Task description:
Transcribe each entry exactly, without pictures.

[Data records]
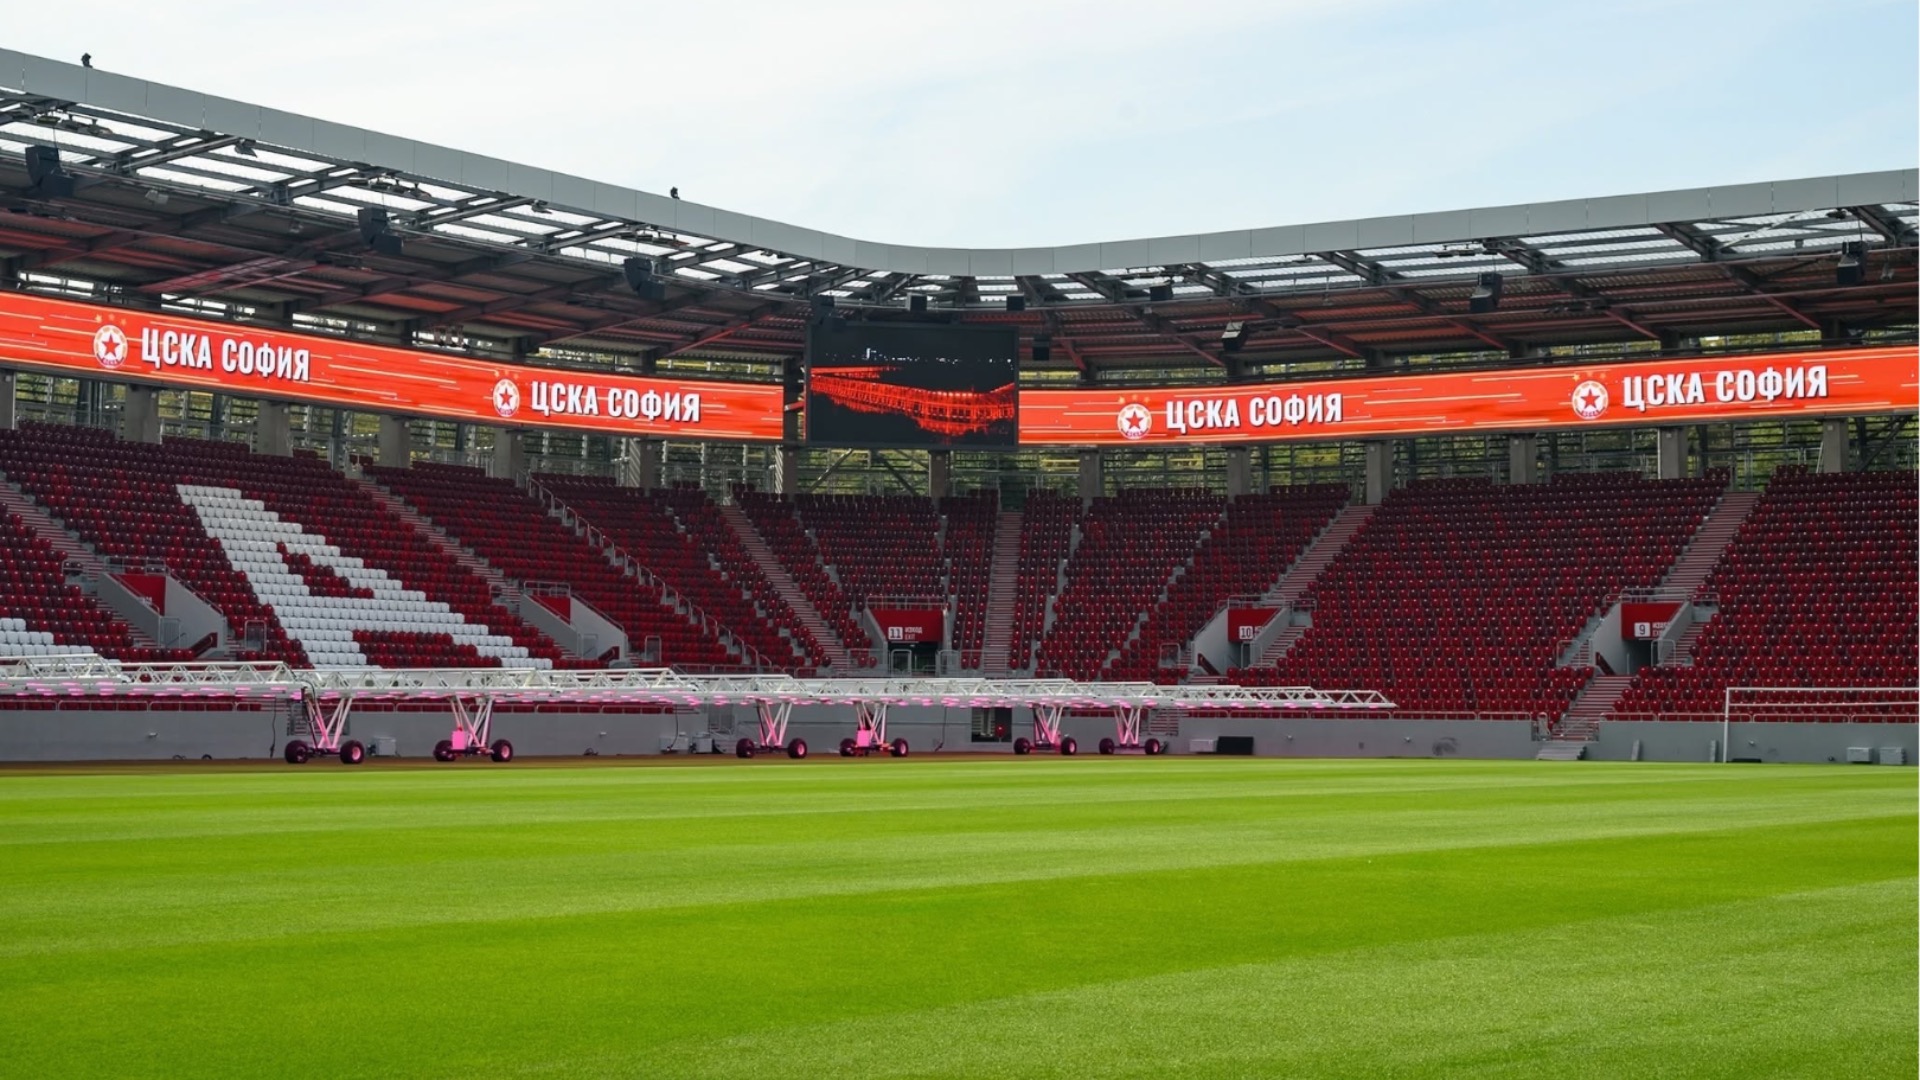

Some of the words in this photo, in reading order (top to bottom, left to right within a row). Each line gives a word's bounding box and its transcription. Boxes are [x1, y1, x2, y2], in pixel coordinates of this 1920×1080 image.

[141, 327, 212, 369] ЦСКА
[221, 338, 310, 381] СОФИЯ
[531, 381, 599, 416] ЦСКА
[607, 388, 700, 422] СОФИЯ
[1623, 372, 1706, 412] ЦСКА
[1716, 365, 1828, 402] СОФИЯ
[1166, 399, 1240, 434] ЦСКА
[1250, 393, 1343, 427] СОФИЯ
[890, 627, 902, 639] 11
[1240, 627, 1252, 638] 10
[1638, 624, 1647, 635] 9
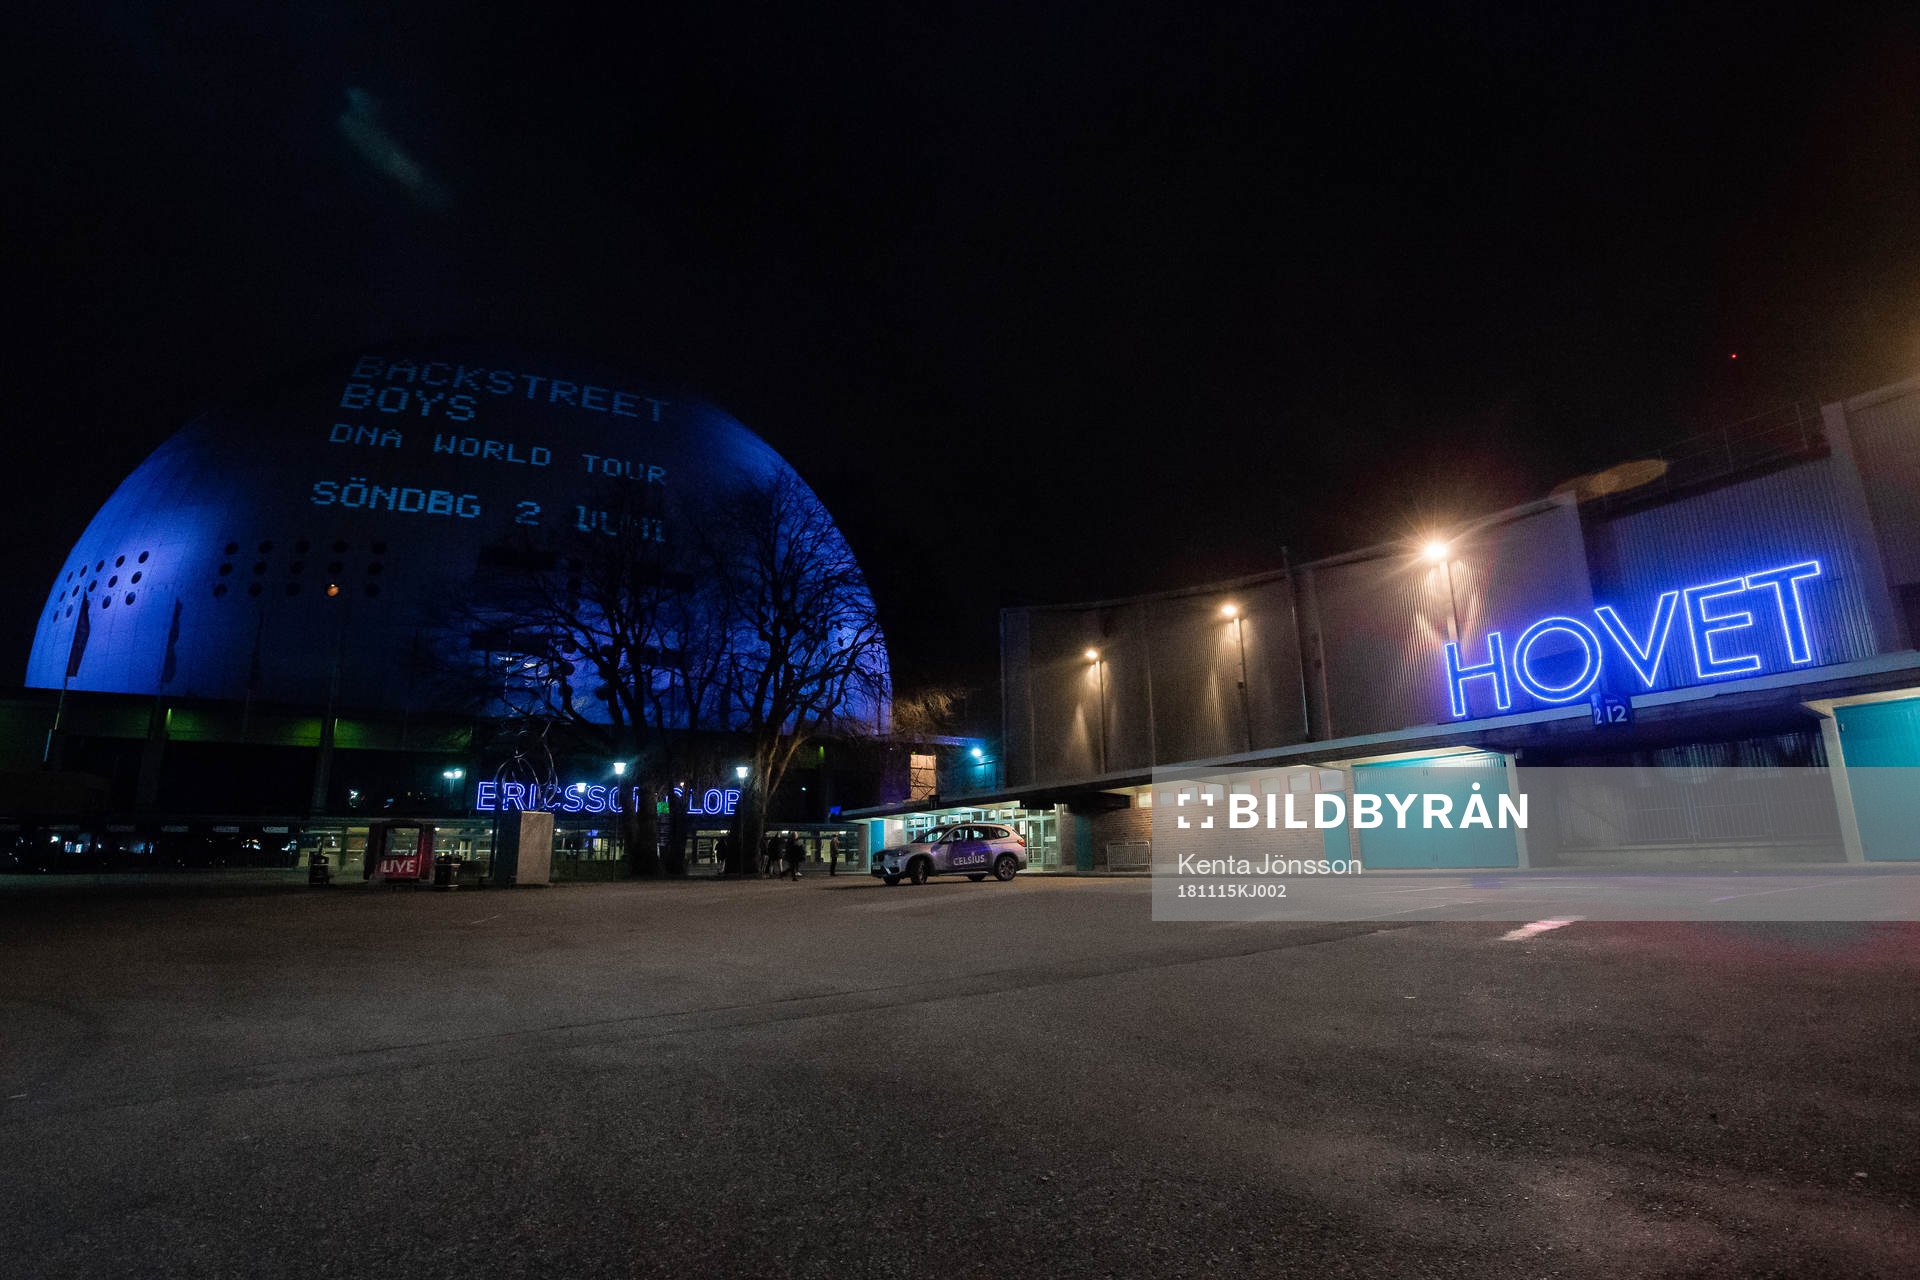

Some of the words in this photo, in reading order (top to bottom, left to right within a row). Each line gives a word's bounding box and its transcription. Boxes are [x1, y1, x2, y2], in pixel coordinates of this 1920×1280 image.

[340, 382, 478, 421] BOYS
[351, 356, 669, 422] BACKSTREET
[329, 423, 403, 448] DNA
[433, 434, 552, 466] WORLD
[582, 454, 668, 485] TOUR
[515, 500, 541, 526] 2
[1443, 560, 1821, 717] HOVET
[1606, 705, 1628, 723] 12
[383, 859, 415, 873] LIVE
[953, 851, 985, 866] CELSIUS
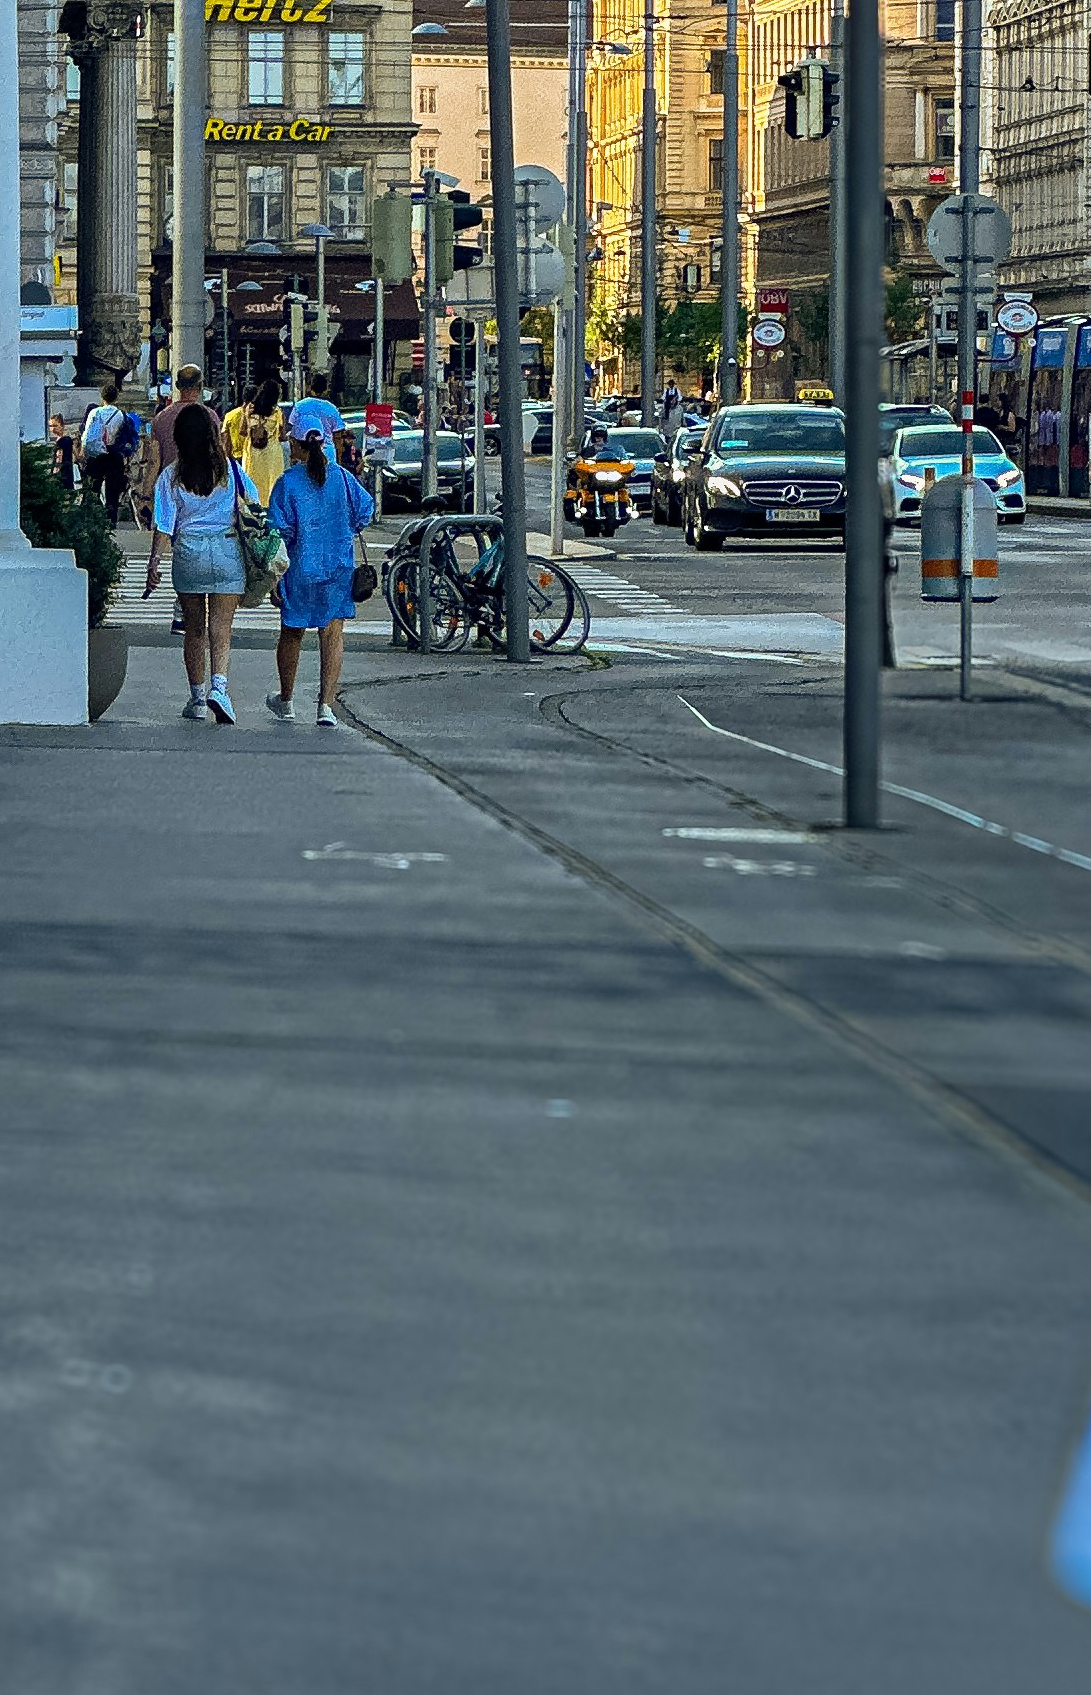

Response to this exercise:
Some of the words in this photo, in reading order (top to bottom, left to right within a row). Each line gives a word's bounding box and its transcription. Boxes are [x1, y1, x2, y2], in pixel coordinates of this 1920×1080 image.

[141, 327, 212, 369] ЦСКА
[221, 338, 310, 381] СОФИЯ
[531, 381, 599, 416] ЦСКА
[607, 388, 700, 422] СОФИЯ
[1623, 372, 1706, 412] ЦСКА
[1716, 365, 1828, 402] СОФИЯ
[1166, 399, 1240, 434] ЦСКА
[1250, 393, 1343, 427] СОФИЯ
[890, 627, 902, 639] 11
[1240, 627, 1252, 638] 10
[1638, 624, 1647, 635] 9

Some of the words in this photo, in reading order (top to bottom, left to right within a row). Each line gives a word's bounding box and its transcription. Boxes are [x1, y1, x2, y2], in pixel coordinates of this 1920×1280 image.

[340, 382, 478, 421] BOYS
[351, 356, 669, 422] BACKSTREET
[329, 423, 403, 448] DNA
[433, 434, 552, 466] WORLD
[582, 454, 668, 485] TOUR
[515, 500, 541, 526] 2
[1443, 560, 1821, 717] HOVET
[1606, 705, 1628, 723] 12
[383, 859, 415, 873] LIVE
[953, 851, 985, 866] CELSIUS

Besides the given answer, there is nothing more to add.